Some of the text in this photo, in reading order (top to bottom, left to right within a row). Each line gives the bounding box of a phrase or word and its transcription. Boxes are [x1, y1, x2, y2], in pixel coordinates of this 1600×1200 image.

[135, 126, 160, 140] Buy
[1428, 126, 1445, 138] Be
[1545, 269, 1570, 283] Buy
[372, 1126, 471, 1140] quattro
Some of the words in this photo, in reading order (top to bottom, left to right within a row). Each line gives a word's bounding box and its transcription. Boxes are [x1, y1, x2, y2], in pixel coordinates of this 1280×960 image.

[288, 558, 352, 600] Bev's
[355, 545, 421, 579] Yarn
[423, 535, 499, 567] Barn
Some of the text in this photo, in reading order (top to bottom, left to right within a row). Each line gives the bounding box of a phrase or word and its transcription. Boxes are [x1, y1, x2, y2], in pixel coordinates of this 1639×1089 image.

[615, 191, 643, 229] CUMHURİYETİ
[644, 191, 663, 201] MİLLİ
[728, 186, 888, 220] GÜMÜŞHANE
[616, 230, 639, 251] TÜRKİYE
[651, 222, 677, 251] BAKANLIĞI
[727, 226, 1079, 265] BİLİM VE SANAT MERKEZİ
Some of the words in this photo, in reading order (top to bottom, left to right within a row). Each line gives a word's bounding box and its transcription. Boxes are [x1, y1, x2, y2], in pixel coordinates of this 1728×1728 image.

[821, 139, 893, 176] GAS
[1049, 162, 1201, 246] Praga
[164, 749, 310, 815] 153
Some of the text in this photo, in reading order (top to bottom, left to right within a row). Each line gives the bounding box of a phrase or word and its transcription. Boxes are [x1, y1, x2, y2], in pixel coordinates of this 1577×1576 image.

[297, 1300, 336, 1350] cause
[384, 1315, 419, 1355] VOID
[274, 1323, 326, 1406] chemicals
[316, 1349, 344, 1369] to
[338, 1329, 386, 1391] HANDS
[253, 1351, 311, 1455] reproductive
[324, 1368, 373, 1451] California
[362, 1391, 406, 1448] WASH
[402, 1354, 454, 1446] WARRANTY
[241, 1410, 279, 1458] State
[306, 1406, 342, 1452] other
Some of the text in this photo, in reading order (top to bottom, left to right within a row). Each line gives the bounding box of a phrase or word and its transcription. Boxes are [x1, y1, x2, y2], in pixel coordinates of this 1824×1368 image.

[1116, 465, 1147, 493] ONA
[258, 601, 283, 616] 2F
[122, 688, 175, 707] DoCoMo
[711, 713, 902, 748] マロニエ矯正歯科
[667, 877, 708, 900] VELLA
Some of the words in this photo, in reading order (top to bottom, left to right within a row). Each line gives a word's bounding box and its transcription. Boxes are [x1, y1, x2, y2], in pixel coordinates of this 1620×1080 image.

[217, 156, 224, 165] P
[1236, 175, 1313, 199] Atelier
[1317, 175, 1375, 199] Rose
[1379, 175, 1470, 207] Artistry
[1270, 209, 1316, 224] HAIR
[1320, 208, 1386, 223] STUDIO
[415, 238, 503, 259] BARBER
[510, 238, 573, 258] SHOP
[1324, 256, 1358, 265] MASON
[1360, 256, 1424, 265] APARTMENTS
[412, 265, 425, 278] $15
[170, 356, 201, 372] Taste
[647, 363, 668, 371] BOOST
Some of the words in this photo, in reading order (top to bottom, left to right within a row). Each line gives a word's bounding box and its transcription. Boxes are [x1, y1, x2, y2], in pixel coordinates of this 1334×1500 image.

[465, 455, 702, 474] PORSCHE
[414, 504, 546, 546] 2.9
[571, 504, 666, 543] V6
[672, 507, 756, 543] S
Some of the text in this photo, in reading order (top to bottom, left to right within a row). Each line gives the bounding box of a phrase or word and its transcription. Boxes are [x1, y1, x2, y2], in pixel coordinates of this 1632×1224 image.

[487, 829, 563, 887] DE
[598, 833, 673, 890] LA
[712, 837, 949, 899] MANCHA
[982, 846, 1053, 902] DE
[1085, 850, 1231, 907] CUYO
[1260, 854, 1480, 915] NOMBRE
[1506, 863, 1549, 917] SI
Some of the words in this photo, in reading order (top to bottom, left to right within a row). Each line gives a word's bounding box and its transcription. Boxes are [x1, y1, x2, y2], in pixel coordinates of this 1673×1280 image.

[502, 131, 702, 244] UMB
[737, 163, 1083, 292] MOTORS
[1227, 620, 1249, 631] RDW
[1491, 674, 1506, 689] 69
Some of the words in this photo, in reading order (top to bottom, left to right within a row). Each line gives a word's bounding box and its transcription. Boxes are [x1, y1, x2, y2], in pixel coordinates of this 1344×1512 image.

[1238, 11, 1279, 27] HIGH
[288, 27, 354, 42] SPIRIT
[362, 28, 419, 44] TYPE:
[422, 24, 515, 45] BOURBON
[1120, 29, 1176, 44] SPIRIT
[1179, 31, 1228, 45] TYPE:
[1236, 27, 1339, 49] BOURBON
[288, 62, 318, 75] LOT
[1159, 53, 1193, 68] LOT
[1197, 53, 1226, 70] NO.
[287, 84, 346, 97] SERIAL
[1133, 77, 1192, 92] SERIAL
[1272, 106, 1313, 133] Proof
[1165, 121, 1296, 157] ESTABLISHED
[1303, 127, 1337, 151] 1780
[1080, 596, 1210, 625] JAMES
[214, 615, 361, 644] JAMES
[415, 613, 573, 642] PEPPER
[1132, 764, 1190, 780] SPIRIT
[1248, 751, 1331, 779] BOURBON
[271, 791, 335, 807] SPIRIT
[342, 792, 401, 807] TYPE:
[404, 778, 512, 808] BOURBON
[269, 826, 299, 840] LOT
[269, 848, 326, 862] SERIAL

================================

DIRECTIONS: Without omitting anything, output the entries exactly.

FINISHED TASK:
Some of the text in this photo, in reading order (top to bottom, left to right within a row). Each line gives the bounding box of a phrase or word and its transcription. Boxes are [x1, y1, x2, y2], in pixel coordinates of this 1600×1200 image.

[135, 126, 160, 140] Buy
[1428, 126, 1445, 138] Be
[1545, 269, 1570, 283] Buy
[372, 1126, 471, 1140] quattro
Some of the words in this photo, in reading order (top to bottom, left to right within a row). Each line gives a word's bounding box and its transcription. Boxes are [x1, y1, x2, y2], in pixel coordinates of this 1280×960 image.

[288, 558, 352, 600] Bev's
[355, 545, 421, 579] Yarn
[423, 535, 499, 567] Barn
Some of the text in this photo, in reading order (top to bottom, left to right within a row). Each line gives the bounding box of a phrase or word and its transcription. Boxes are [x1, y1, x2, y2], in pixel coordinates of this 1639×1089 image.

[615, 191, 643, 229] CUMHURİYETİ
[644, 191, 663, 201] MİLLİ
[728, 186, 888, 220] GÜMÜŞHANE
[616, 230, 639, 251] TÜRKİYE
[651, 222, 677, 251] BAKANLIĞI
[727, 226, 1079, 265] BİLİM VE SANAT MERKEZİ
Some of the words in this photo, in reading order (top to bottom, left to right within a row). Each line gives a word's bounding box and its transcription. Boxes are [x1, y1, x2, y2], in pixel coordinates of this 1728×1728 image.

[821, 139, 893, 176] GAS
[1049, 162, 1201, 246] Praga
[164, 749, 310, 815] 153
Some of the text in this photo, in reading order (top to bottom, left to right within a row). Each line gives the bounding box of a phrase or word and its transcription. Boxes are [x1, y1, x2, y2], in pixel coordinates of this 1577×1576 image.

[297, 1300, 336, 1350] cause
[384, 1315, 419, 1355] VOID
[274, 1323, 326, 1406] chemicals
[316, 1349, 344, 1369] to
[338, 1329, 386, 1391] HANDS
[253, 1351, 311, 1455] reproductive
[324, 1368, 373, 1451] California
[362, 1391, 406, 1448] WASH
[402, 1354, 454, 1446] WARRANTY
[241, 1410, 279, 1458] State
[306, 1406, 342, 1452] other
Some of the text in this photo, in reading order (top to bottom, left to right within a row). Each line gives the bounding box of a phrase or word and its transcription. Boxes are [x1, y1, x2, y2], in pixel coordinates of this 1824×1368 image.

[1116, 465, 1147, 493] ONA
[258, 601, 283, 616] 2F
[122, 688, 175, 707] DoCoMo
[711, 713, 902, 748] マロニエ矯正歯科
[667, 877, 708, 900] VELLA
Some of the words in this photo, in reading order (top to bottom, left to right within a row). Each line gives a word's bounding box and its transcription. Boxes are [x1, y1, x2, y2], in pixel coordinates of this 1620×1080 image.

[217, 156, 224, 165] P
[1236, 175, 1313, 199] Atelier
[1317, 175, 1375, 199] Rose
[1379, 175, 1470, 207] Artistry
[1270, 209, 1316, 224] HAIR
[1320, 208, 1386, 223] STUDIO
[415, 238, 503, 259] BARBER
[510, 238, 573, 258] SHOP
[1324, 256, 1358, 265] MASON
[1360, 256, 1424, 265] APARTMENTS
[412, 265, 425, 278] $15
[170, 356, 201, 372] Taste
[647, 363, 668, 371] BOOST
Some of the words in this photo, in reading order (top to bottom, left to right within a row). Each line gives a word's bounding box and its transcription. Boxes are [x1, y1, x2, y2], in pixel coordinates of this 1334×1500 image.

[465, 455, 702, 474] PORSCHE
[414, 504, 546, 546] 2.9
[571, 504, 666, 543] V6
[672, 507, 756, 543] S
Some of the text in this photo, in reading order (top to bottom, left to right within a row). Each line gives the bounding box of a phrase or word and its transcription. Boxes are [x1, y1, x2, y2], in pixel coordinates of this 1632×1224 image.

[487, 829, 563, 887] DE
[598, 833, 673, 890] LA
[712, 837, 949, 899] MANCHA
[982, 846, 1053, 902] DE
[1085, 850, 1231, 907] CUYO
[1260, 854, 1480, 915] NOMBRE
[1506, 863, 1549, 917] SI
Some of the words in this photo, in reading order (top to bottom, left to right within a row). Each line gives a word's bounding box and its transcription. Boxes are [x1, y1, x2, y2], in pixel coordinates of this 1673×1280 image.

[502, 131, 702, 244] UMB
[737, 163, 1083, 292] MOTORS
[1227, 620, 1249, 631] RDW
[1491, 674, 1506, 689] 69
Some of the words in this photo, in reading order (top to bottom, left to right within a row). Each line gives a word's bounding box and its transcription. Boxes are [x1, y1, x2, y2], in pixel coordinates of this 1344×1512 image.

[1238, 11, 1279, 27] HIGH
[288, 27, 354, 42] SPIRIT
[362, 28, 419, 44] TYPE:
[422, 24, 515, 45] BOURBON
[1120, 29, 1176, 44] SPIRIT
[1179, 31, 1228, 45] TYPE:
[1236, 27, 1339, 49] BOURBON
[288, 62, 318, 75] LOT
[1159, 53, 1193, 68] LOT
[1197, 53, 1226, 70] NO.
[287, 84, 346, 97] SERIAL
[1133, 77, 1192, 92] SERIAL
[1272, 106, 1313, 133] Proof
[1165, 121, 1296, 157] ESTABLISHED
[1303, 127, 1337, 151] 1780
[1080, 596, 1210, 625] JAMES
[214, 615, 361, 644] JAMES
[415, 613, 573, 642] PEPPER
[1132, 764, 1190, 780] SPIRIT
[1248, 751, 1331, 779] BOURBON
[271, 791, 335, 807] SPIRIT
[342, 792, 401, 807] TYPE:
[404, 778, 512, 808] BOURBON
[269, 826, 299, 840] LOT
[269, 848, 326, 862] SERIAL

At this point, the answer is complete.